Mirna Therapeutics (MIRN) is a clinical-stage biopharmaceutical company developing a broad pipeline of microRNA-based oncology therapeutics. microRNAs are naturally occurring, short ribonucleic acid, or RNA, molecules, or oligonucleotides, that play a critical role in regulating key biological pathways. The company is based in Austin, TX.

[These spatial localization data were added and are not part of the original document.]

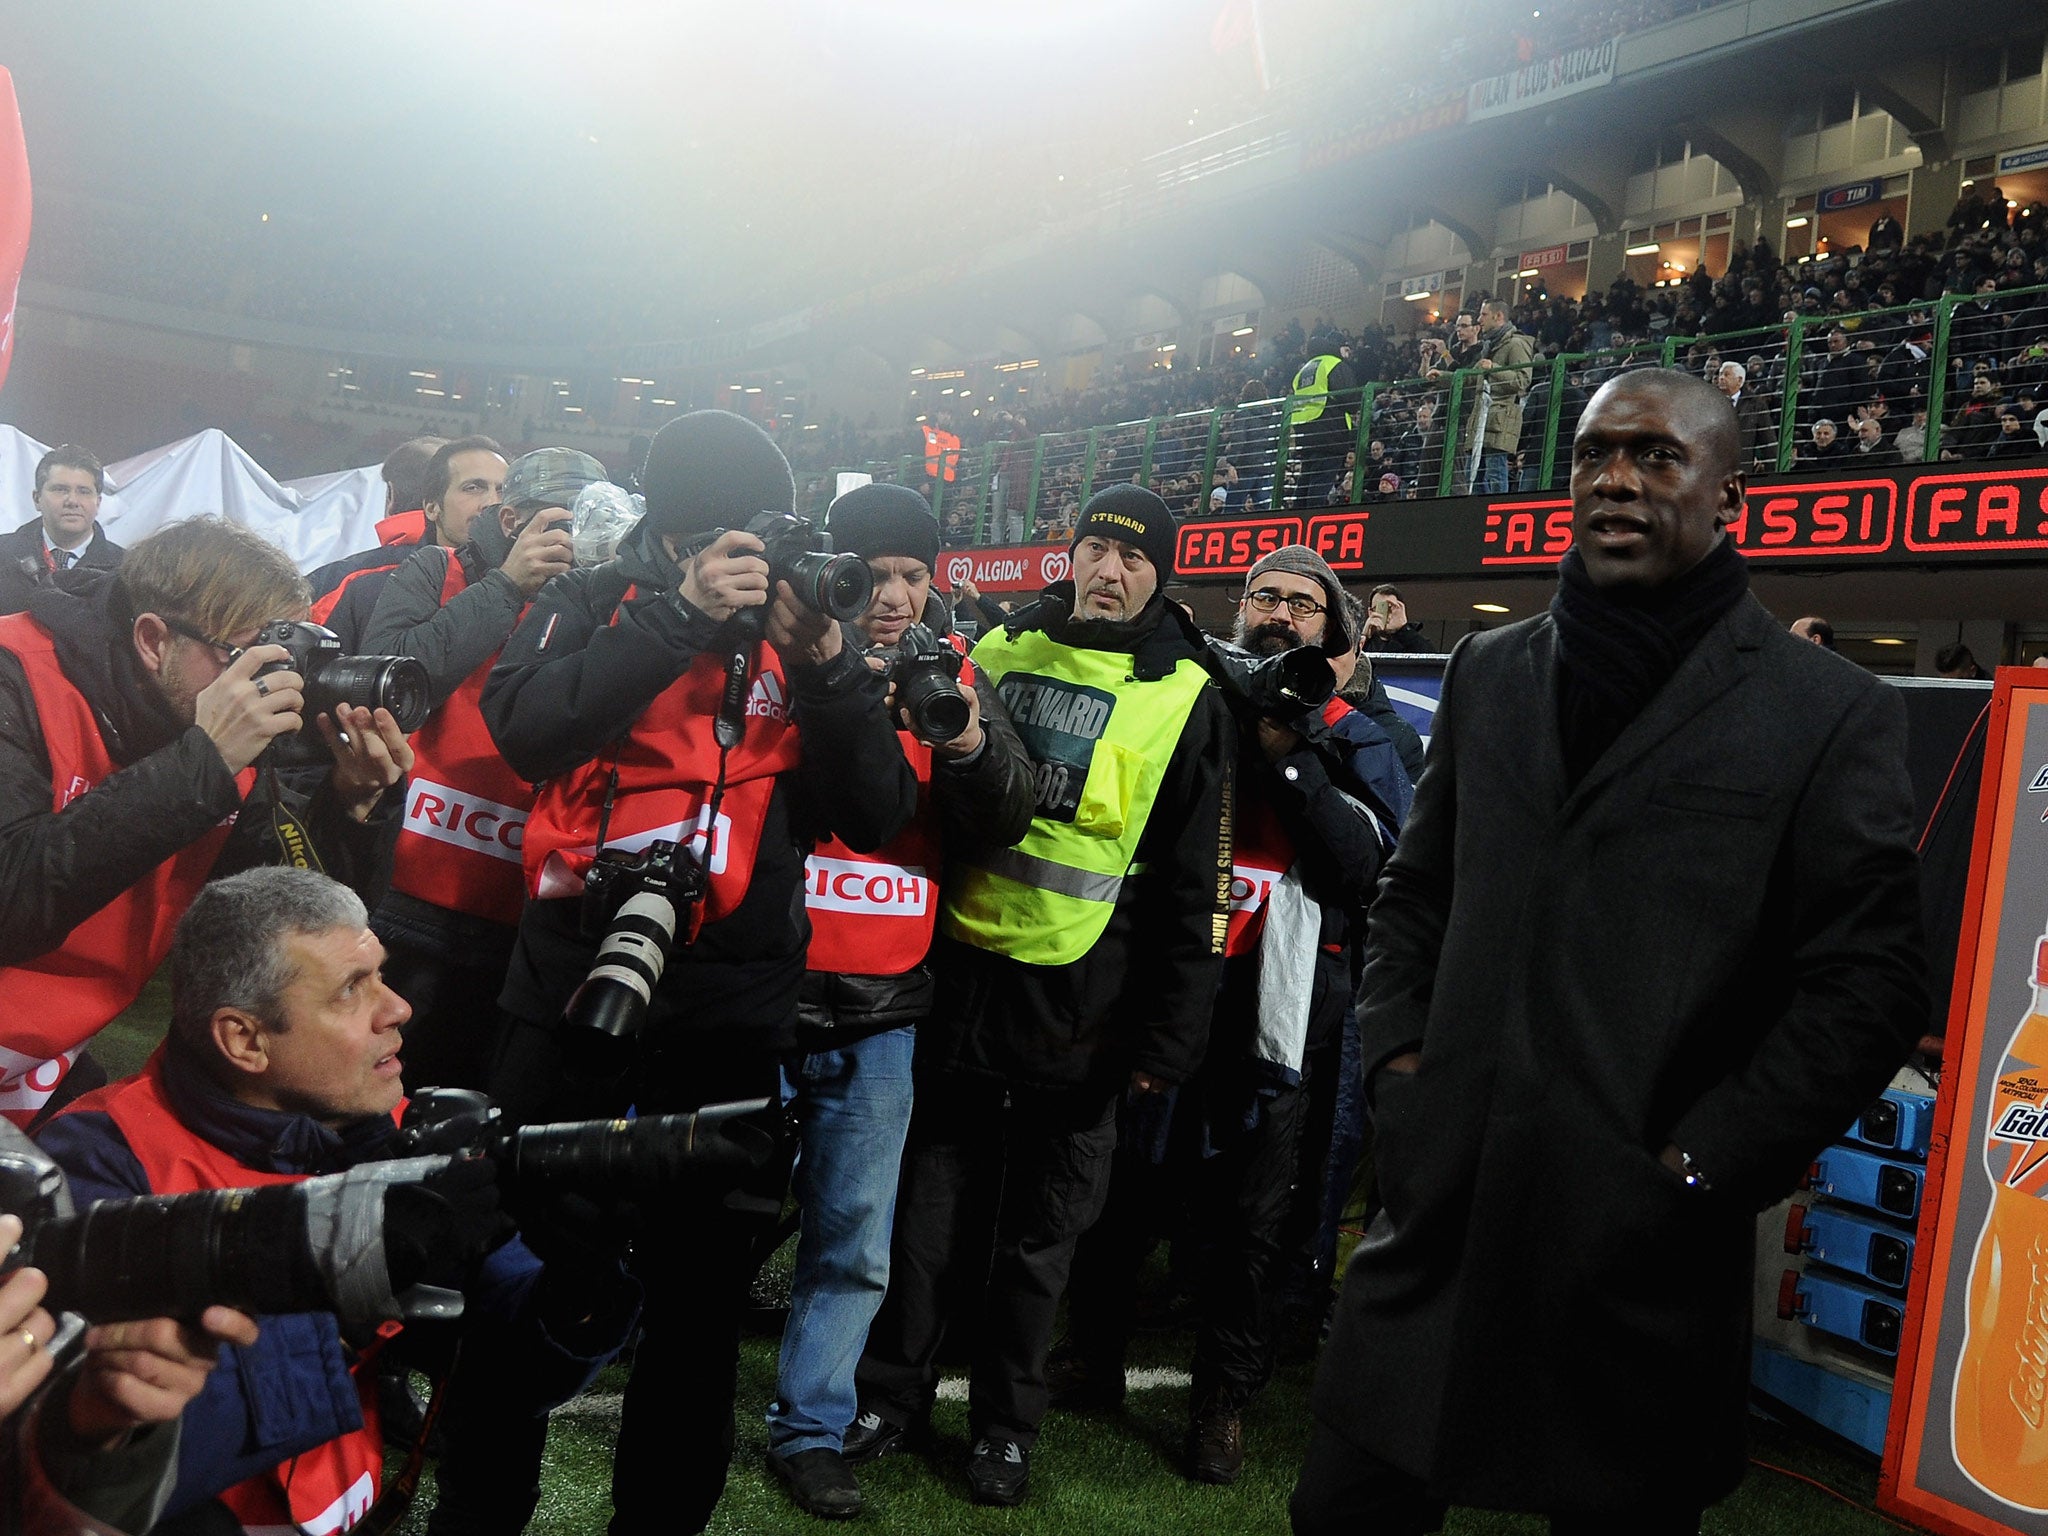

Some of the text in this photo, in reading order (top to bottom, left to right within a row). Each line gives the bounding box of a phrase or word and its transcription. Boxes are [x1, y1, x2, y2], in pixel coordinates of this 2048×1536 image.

[1516, 63, 1550, 99] CLUB
[1551, 40, 1614, 89] SALUZZO
[1847, 187, 1868, 202] TIM
[1090, 512, 1146, 534] STEWARD
[320, 639, 341, 648] Nikon
[999, 681, 1109, 740] STEWARD
[644, 876, 667, 887] Canon
[2017, 1077, 2039, 1086] SENZA

Five other companies are scheduled for the week of Sept. 28. The full IPO calendar is available at IPO Premium.

SEC Documents

Manager, Joint-managers: Citigroup, Leerink Partners

Co-managers: Oppenheimer, Cantor Fitzgerald

End of lockup (180 days): Monday, March 28, 2016
End of 10-day quiet period: Saturday, Oct. 10, 2015

Analyst report estimate:  neutral

MIRN scheduled a $65 million IPO with a market capitalization of $234 million at a price range midpoint of $14 for Wednesday, Sept. 30, 2015 on Nasdaq.

MIRN IPO Summary

MIRN is a clinical-stage biopharmaceutical company developing a broad pipeline of microRNA-based oncology therapeutics. microRNAs are naturally occurring, short ribonucleic acid, or RNA, molecules, or oligonucleotides, that play a critical role in regulating key biological pathways.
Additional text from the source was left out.